Shezi wrote on his Facebook page that he is excited to be visiting Zambia for the very first time.
“I’m so excited to finally be in Lusaka for the first time this Saturday. My Think like a billionaire tour will then take me to Tanzania, Kenya, Ghana and Dubai. I’m going to be sharing 8 key principles that have used to move from selling muffins to making millions. Tickets are free, so book yours now on our website www.rivoltare.com. This tour is tailored for individuals who are looking for opportunities to multiply their money in 2019. Visit www.rivoltare.com, click on tour bookings at the top to view dates and venues,” said Shezi in his post.”
The self-made business magnate obtained a National Diploma from the Durban University of Technology (DUT) majoring in Public Relations, and applied communications.

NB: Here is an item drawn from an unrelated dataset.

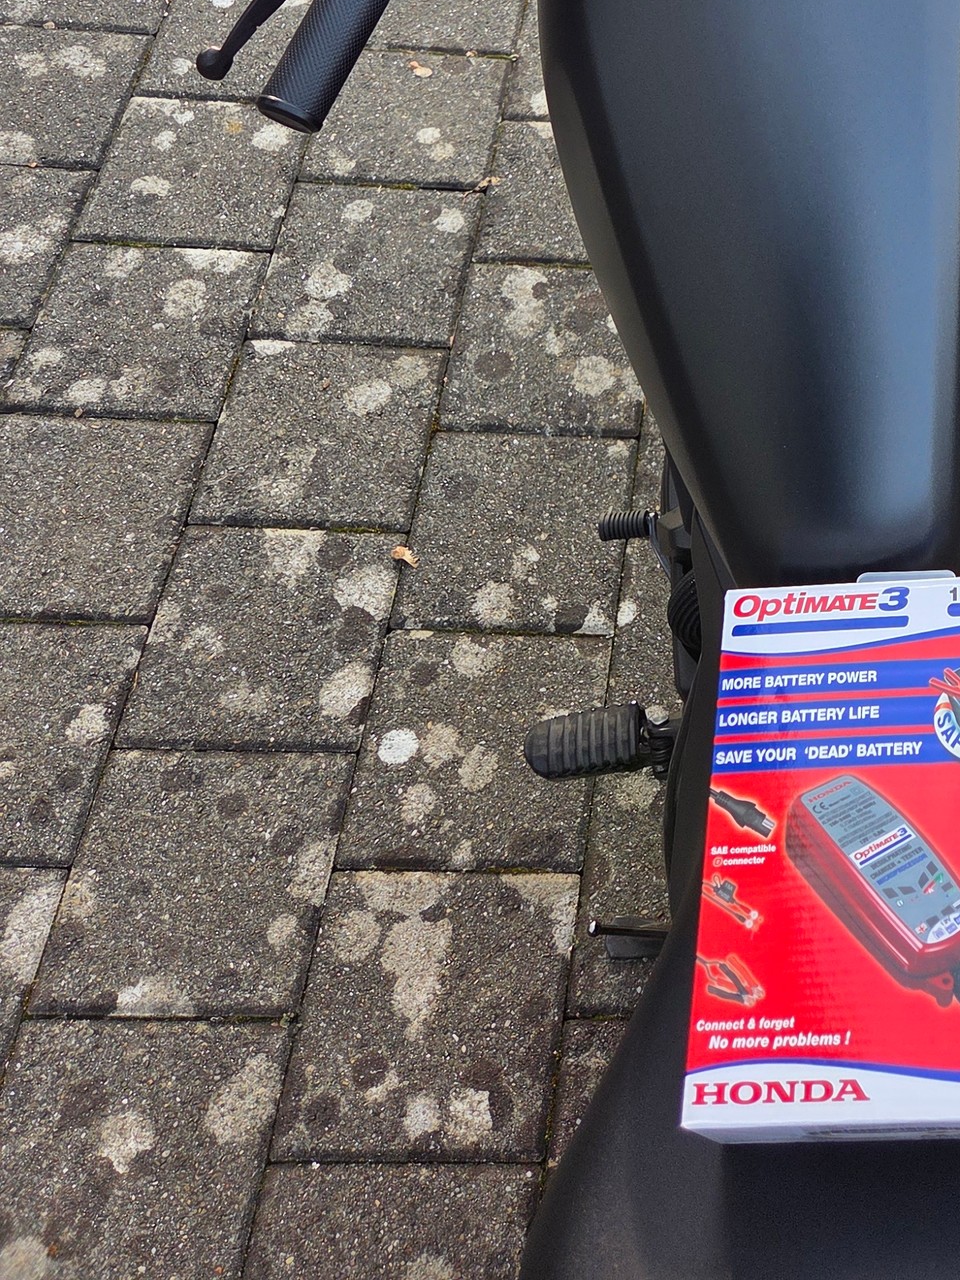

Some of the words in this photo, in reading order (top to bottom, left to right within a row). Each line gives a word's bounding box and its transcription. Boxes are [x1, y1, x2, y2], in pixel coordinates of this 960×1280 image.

His business acumen started at a younger age as he used to sell muffins at his school and he later used the money to trade forex while he was still attending school.
He made some risky decisions. When friends gave him tuition fees for the year, he took the entire amount and started trading online.
Shezi and his long time mentor George Van der Riet, being a trade master with trading experience in excess of 15 years, partnered up to start Global Forex Institute.
But his rise to stardom has not been without controversy.
In 2015, South African Economist Mike Schussler criticized Shezi and his approach to business.
Mr. Schussler said some companies that train people in currency trading, like the one belonging to ‘SA’s youngest self-made millionaire’ are actually selling ‘bullshit’.
“It’s a trick. It’s all bullshit,” he told News24.
“A lot of the people who sell these courses… the majority [of their courses] are schemes to fleece people out of money.”
Schussler told News24 that people who sold these courses were not good traders, but rather good salesmen.
“Proper money traders… don’t try to sell software and training programmes and they don’t flaunt their money,” Schussler said.
He said few people who provided courses in forex trading actually made money from trading.
“If they did make money, we would have heard a lot more stories of new millionaires and billionaires.
“If I was making that much money, I wouldn’t want to advertise it because SARS [The SA Revenue Service] will come.”
He said these trainers often used invented stories to make their companies popular.
“They portray themselves as wealthy. They dress in expensive clothes, they pay for models to come for photo shoots, and they go to Avis and rent expensive cars,” Schussler said.